Estas notas —que resumen, compendian, eligen e intervienen las tantas otras notas que este poemario ha suscitado— me permiten sugerir que el «lema silencioso» del que se habla en «East Coker» sea, muy probablemente, el lema de la familia Eliot, Tace aut face, cuyas múltiples traducciones pueden ser desde «Actúa y calla» hasta «No lo digas, hazlo».

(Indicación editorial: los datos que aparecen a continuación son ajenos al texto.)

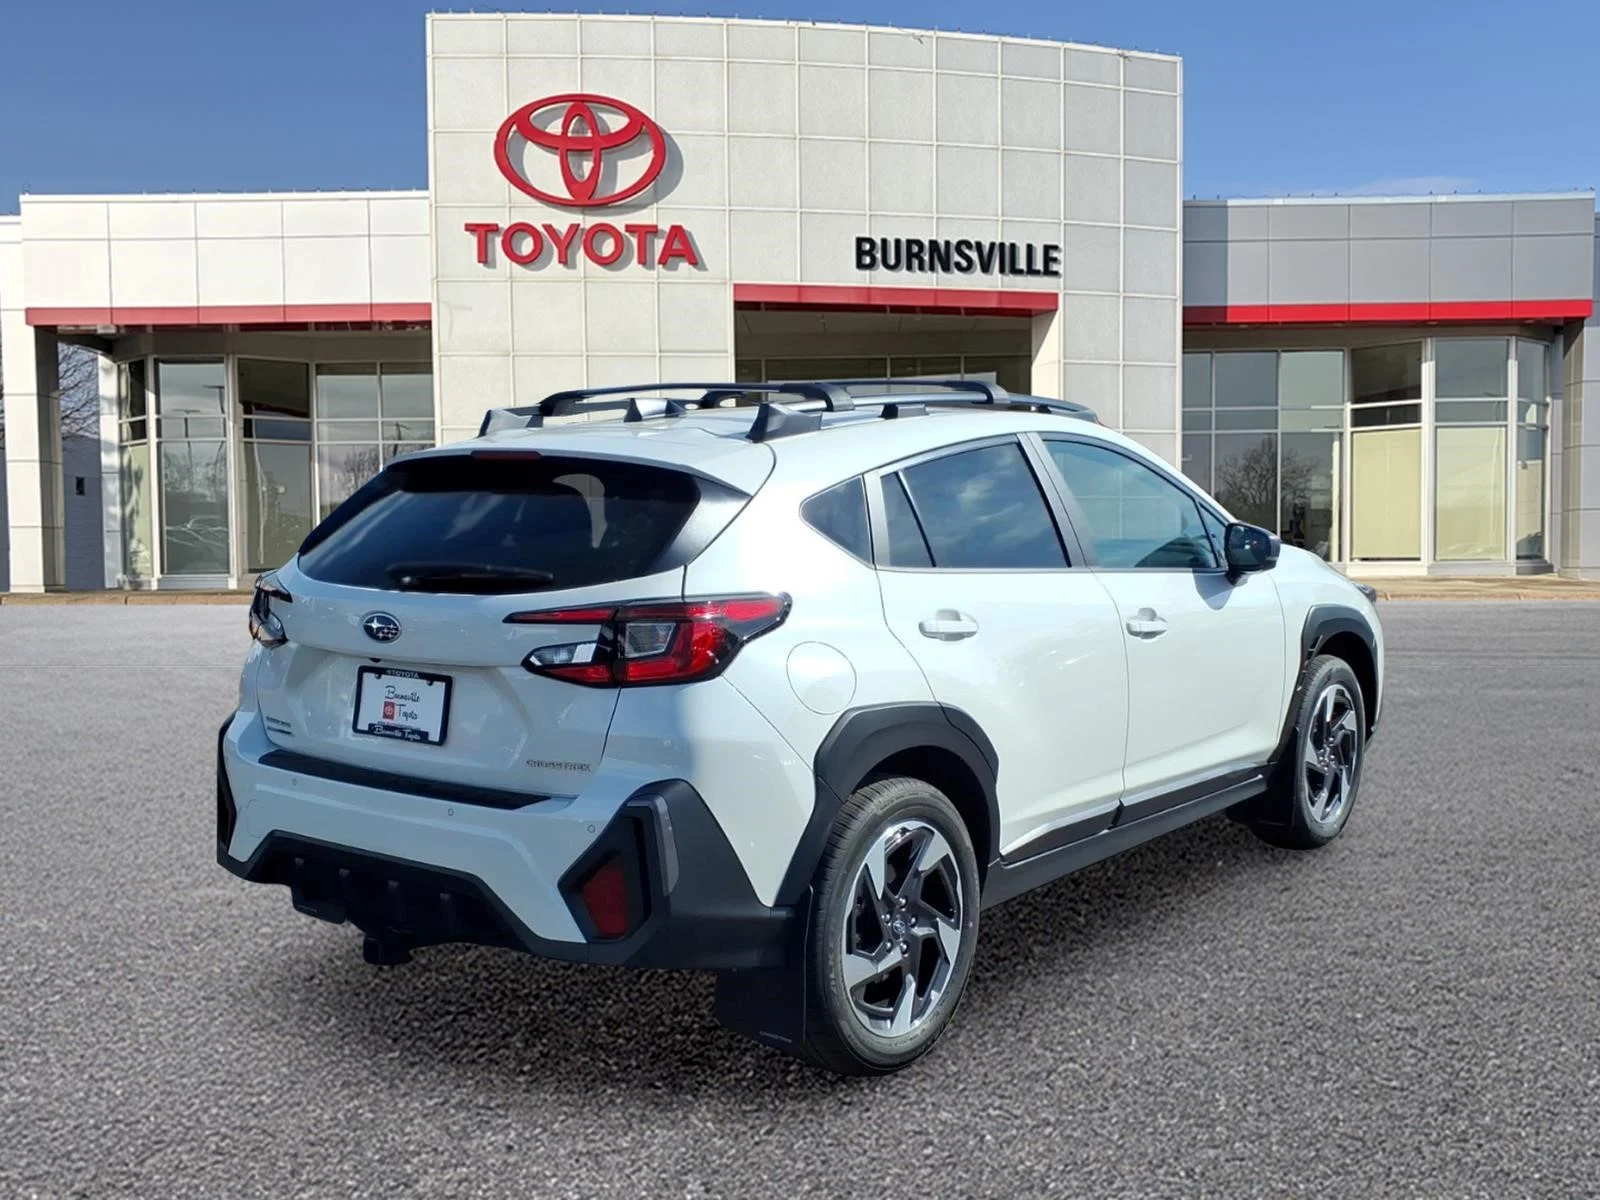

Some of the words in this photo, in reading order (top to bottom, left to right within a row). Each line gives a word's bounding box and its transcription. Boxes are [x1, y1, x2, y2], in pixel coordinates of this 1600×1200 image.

[464, 222, 698, 266] TOYOTA
[855, 236, 1061, 277] BURNSVILLE
[391, 669, 419, 678] TOYOTA

También recuerdo cosas olvidadas por la memoria esquiva: que en «Little Gidding» —una aldea cercana a Cambridge— el verso «En la hora incierta» da inicio al pasaje cuyo escenario es una calle de Kensington en Londres, después de un bombardeo nazi, y que éste, mi poema favorito de los cuatro, es «el gran poema de la ofensiva aérea nazi de 1940 y 1941 que costó la vida a más de cuarenta mil civiles ingleses». Eso nos informa Pacheco al narrar los sucesos históricos de aquel año de 1940, cuando los bombardeos en Londres fueron terribles y en una sola noche la ciudad «sufrió hasta cuarenta incursiones. La más atroz fue la del 15 de septiembre, que arrasó en llamas el centro de la ciudad, afectó el palacio de Buckingham y muchas iglesias. El combate a los incendios, en el que participó Eliot —y es uno de los temas de “Little Gidding”— fue admirable».